4. Your broken bed base
A broken slat in your wooden bed frame or a dent in your divan base could be robbing you of sleep. You won’t feel the full benefit of a great mattress when it’s not properly supported from below – because it’ll become lumpy and bumpy. So replace your bed base or frame when it’s past its prime.
5. Your weekend lie in’s
An extra few hours sleep on your days off has the effect of crossing a time zone, by throwing your circadian rhythm out of whack for the rest of the week. Stick to your normal sleep routine, every day of the week, to avoid social jet lag – which steals your sleep.
6. Your relationship status
Singletons, your lack of a love life could see you sleeping less than loved up couples. In a recent study, 67% of married people slept seven hours or more a night compared to 62% of unmarried folk and 56% of divorcees or widows.
University of Pittsburgh Psychology Professor Wendy Troxel went on to say that sleeping with your partner gives you a greater feeling of safety and security – reducing the amount of stress hormone cortisol.
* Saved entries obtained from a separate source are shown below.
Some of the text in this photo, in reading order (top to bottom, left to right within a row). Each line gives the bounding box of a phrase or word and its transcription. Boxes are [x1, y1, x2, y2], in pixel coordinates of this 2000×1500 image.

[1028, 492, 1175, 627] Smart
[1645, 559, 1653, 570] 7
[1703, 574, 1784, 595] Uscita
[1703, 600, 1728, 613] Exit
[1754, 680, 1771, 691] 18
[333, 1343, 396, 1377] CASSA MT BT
The less of that, the better you sleep. So as much as your other half may kick, steal your duvet or snore, cuddle them close tonight.
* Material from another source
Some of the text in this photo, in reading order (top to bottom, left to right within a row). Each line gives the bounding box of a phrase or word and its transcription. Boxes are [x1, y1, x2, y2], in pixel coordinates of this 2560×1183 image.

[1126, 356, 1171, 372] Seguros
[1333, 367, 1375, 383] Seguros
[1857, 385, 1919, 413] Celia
7. Your minty fresh toothpaste, tea or vitamins
Peppermint flavoured toothpaste or tea is great for keeping you alert and focussed, because it stimulates your brain. But peppermint is less great when it comes to switching off for the day and going to bed. Experiment with a different flavoured toothpaste or brush your teeth earlier in the evening to see whether you sleep better.
8. Your postcode
Live in Coventry, Belfast, Cambridge, York or Birmingham? Unlucky, because The Telegraph said that you get the least amount of sleep in the country – from as little as 5 hours 59 minutes to 6 hours 8 minutes. Meanwhile, the best rested folk are sleeping soundly, for an average of up to 7 hours 4 minutes, in Wrexham, Brighton, Aberdeen, Portsmouth and Sheffield. Now remember, Bed Guru deliver a great night’s sleep anywhere at home and abroad.
9. Your craving for citrus
Tempted to snack on oranges after dinner or drink a lemon-flavoured drink before bed? Heck, do you wash your bedding in lemon-scented powders? Think again. Citrus smells stimulate your brain and increase your energy levels, stealing your sleep.
And that’s not all. Unless your doctor tells you otherwise, consider taking your vitamins in the morning, rather than at night – because vitamins such as B12 and B6 boost your energy levels, making it harder for you to switch off and sleep.
10. Your cold water routine
Splashing your face with cold water may well be your nightly ritual. But it stimulates your body to release energy to keep warm and stay awake. So if you want an ideal night’s sleep, perhaps save it until morning.